[INPUT DATA]

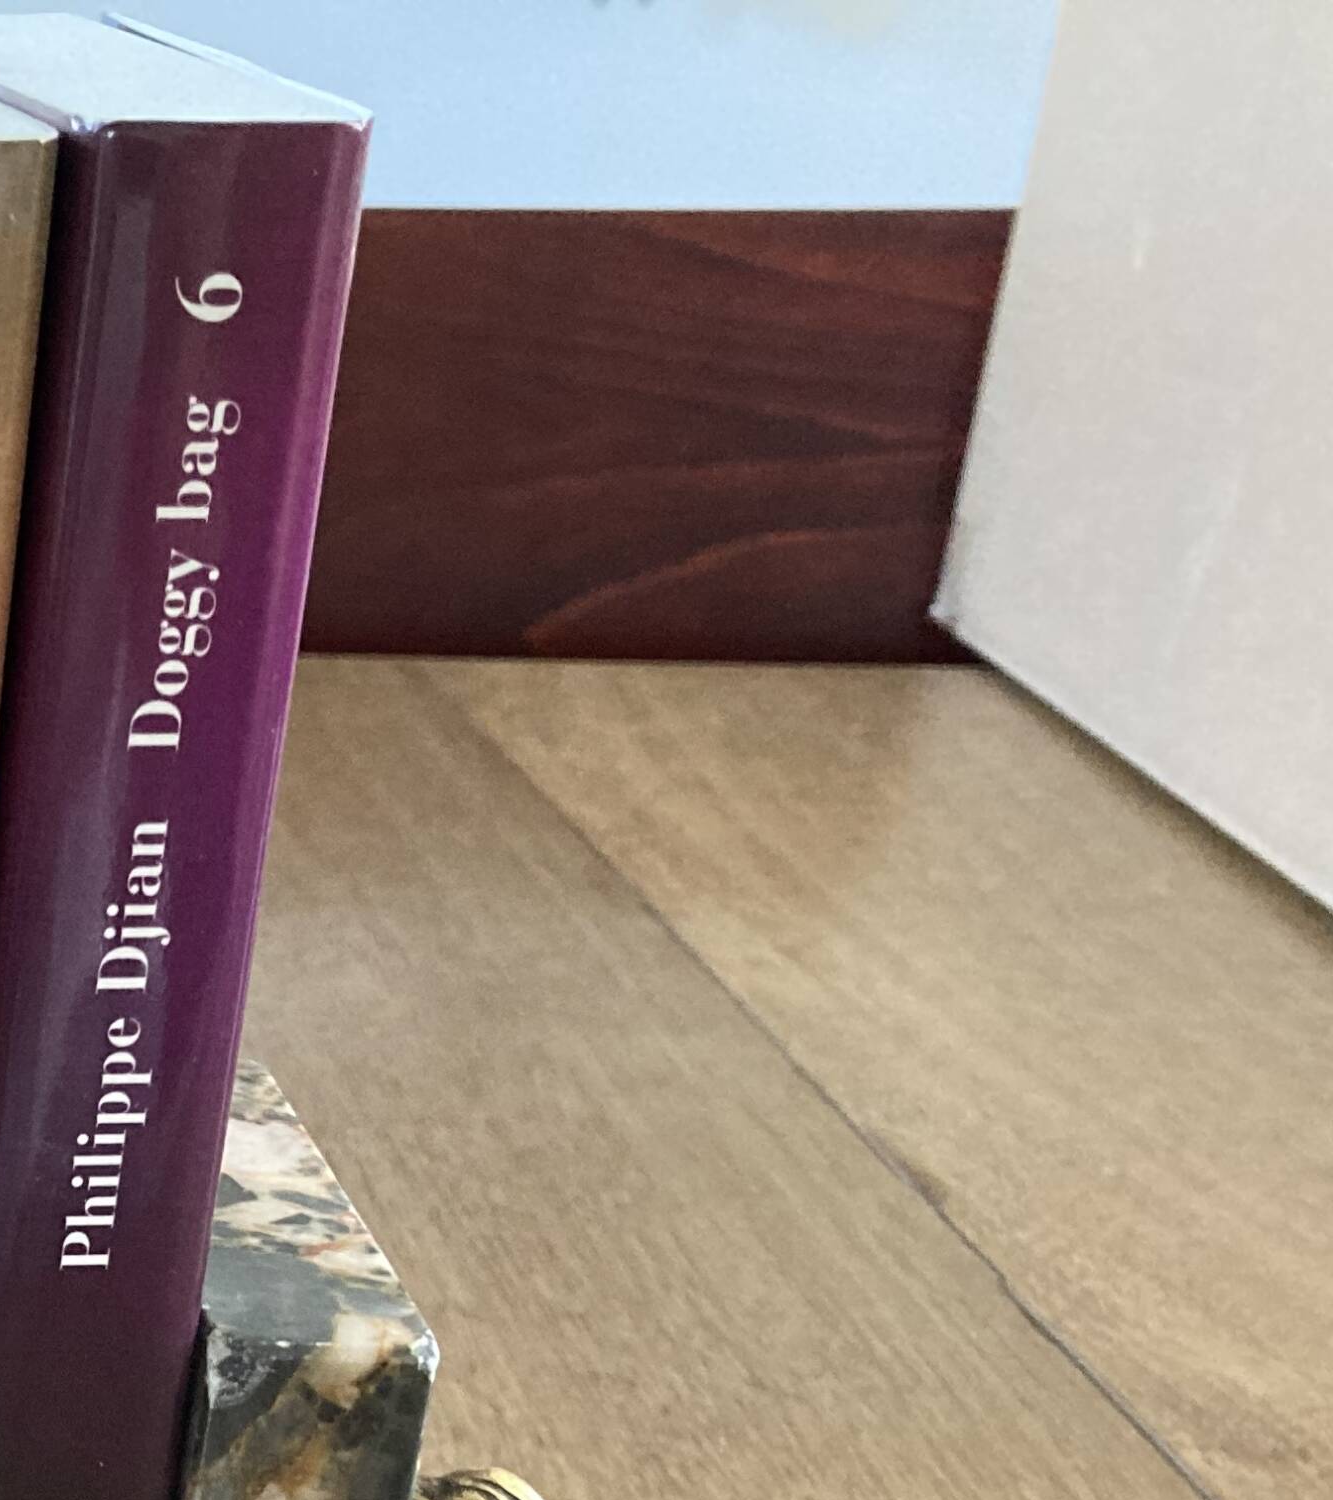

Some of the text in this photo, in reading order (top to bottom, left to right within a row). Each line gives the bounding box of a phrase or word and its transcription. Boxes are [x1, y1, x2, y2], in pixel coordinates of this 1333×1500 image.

[60, 272, 243, 1268] Philippe Djian Doggy bag 6
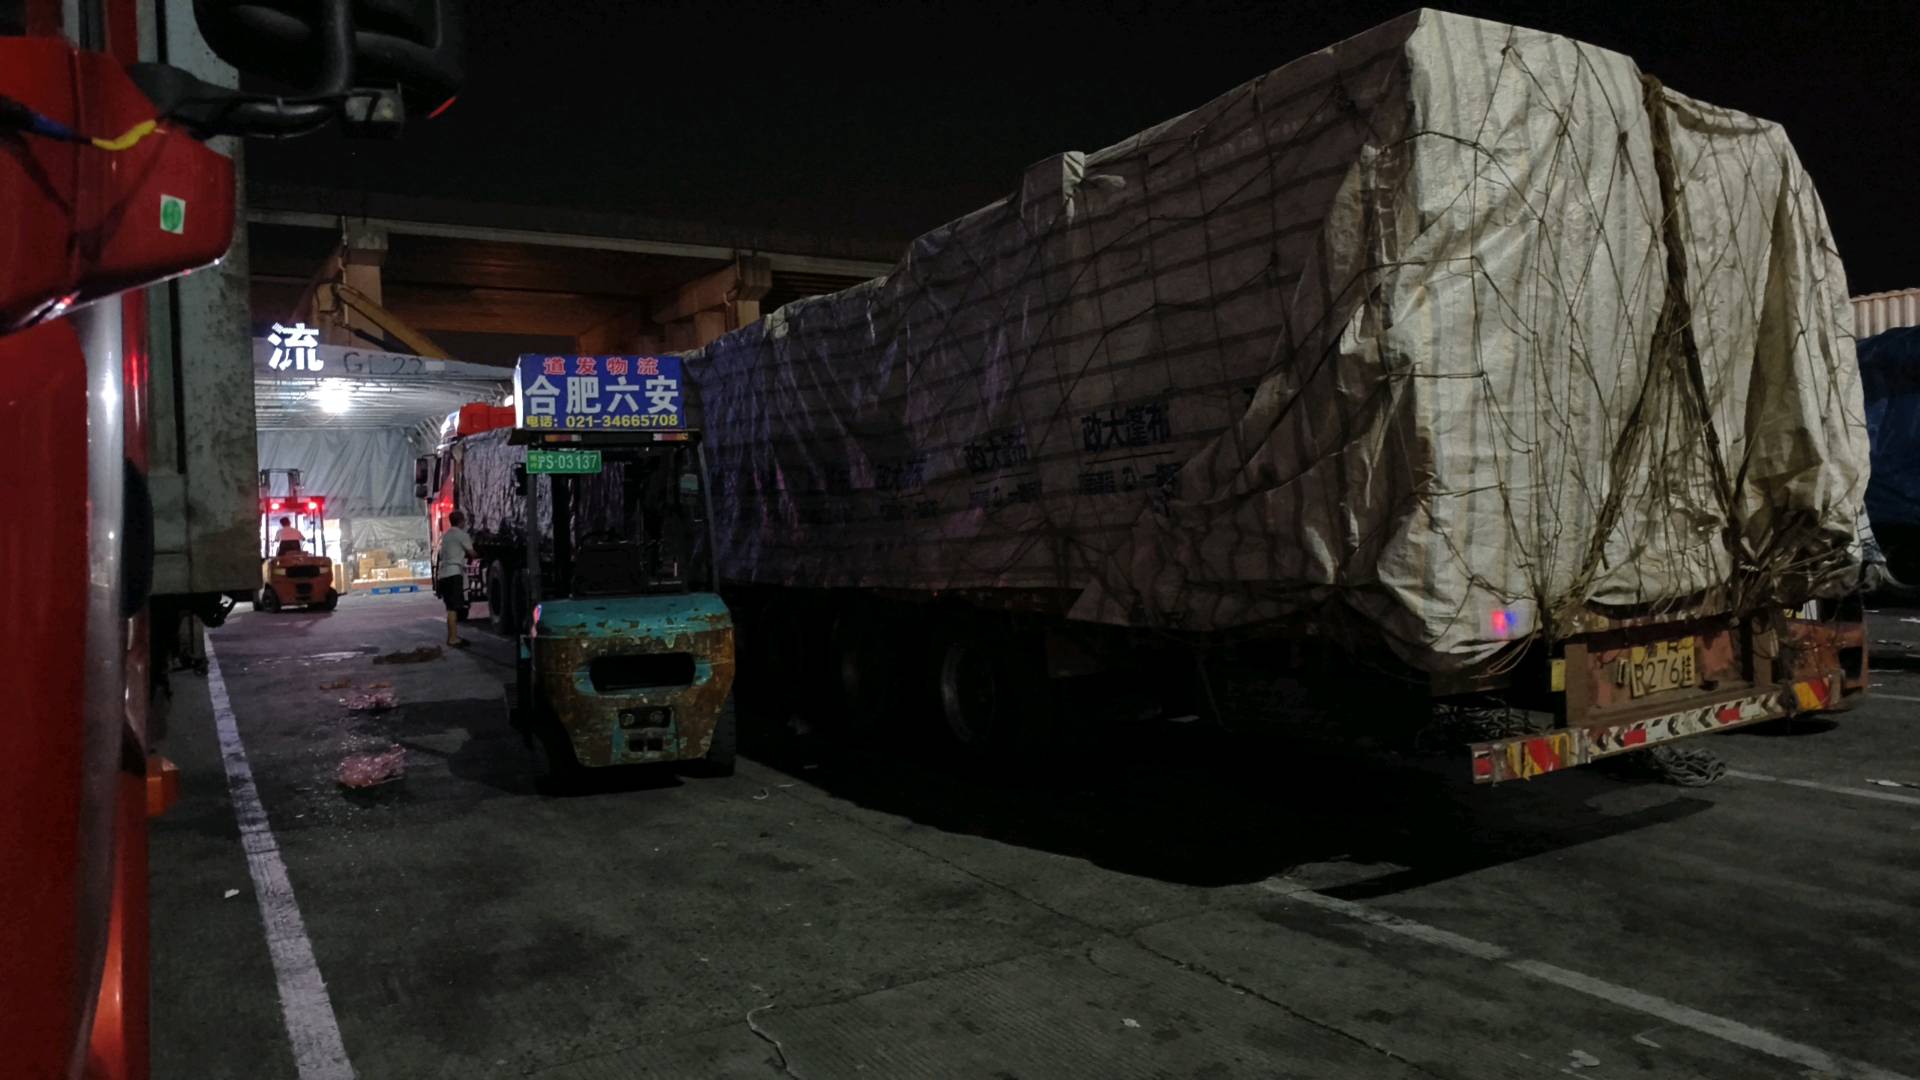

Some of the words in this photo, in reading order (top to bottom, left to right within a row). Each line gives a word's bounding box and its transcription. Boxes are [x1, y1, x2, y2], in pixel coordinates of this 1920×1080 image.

[267, 322, 324, 371] 流
[544, 357, 659, 375] 道发物流
[525, 375, 678, 414] 合肥六安

[/INPUT DATA]

REQUIRED ACTION —
All entries must be written out again exactly as given, with no pictures in the copy.

SOLUTION TO THE PROBLEM —
Some of the text in this photo, in reading order (top to bottom, left to right within a row). Each line gives the bounding box of a phrase or word and its transcription. Boxes are [x1, y1, x2, y2], in pixel coordinates of this 1333×1500 image.

[60, 272, 243, 1268] Philippe Djian Doggy bag 6

Some of the words in this photo, in reading order (top to bottom, left to right within a row). Each line gives a word's bounding box and its transcription. Boxes are [x1, y1, x2, y2], in pixel coordinates of this 1920×1080 image.

[267, 322, 324, 371] 流
[544, 357, 659, 375] 道发物流
[525, 375, 678, 414] 合肥六安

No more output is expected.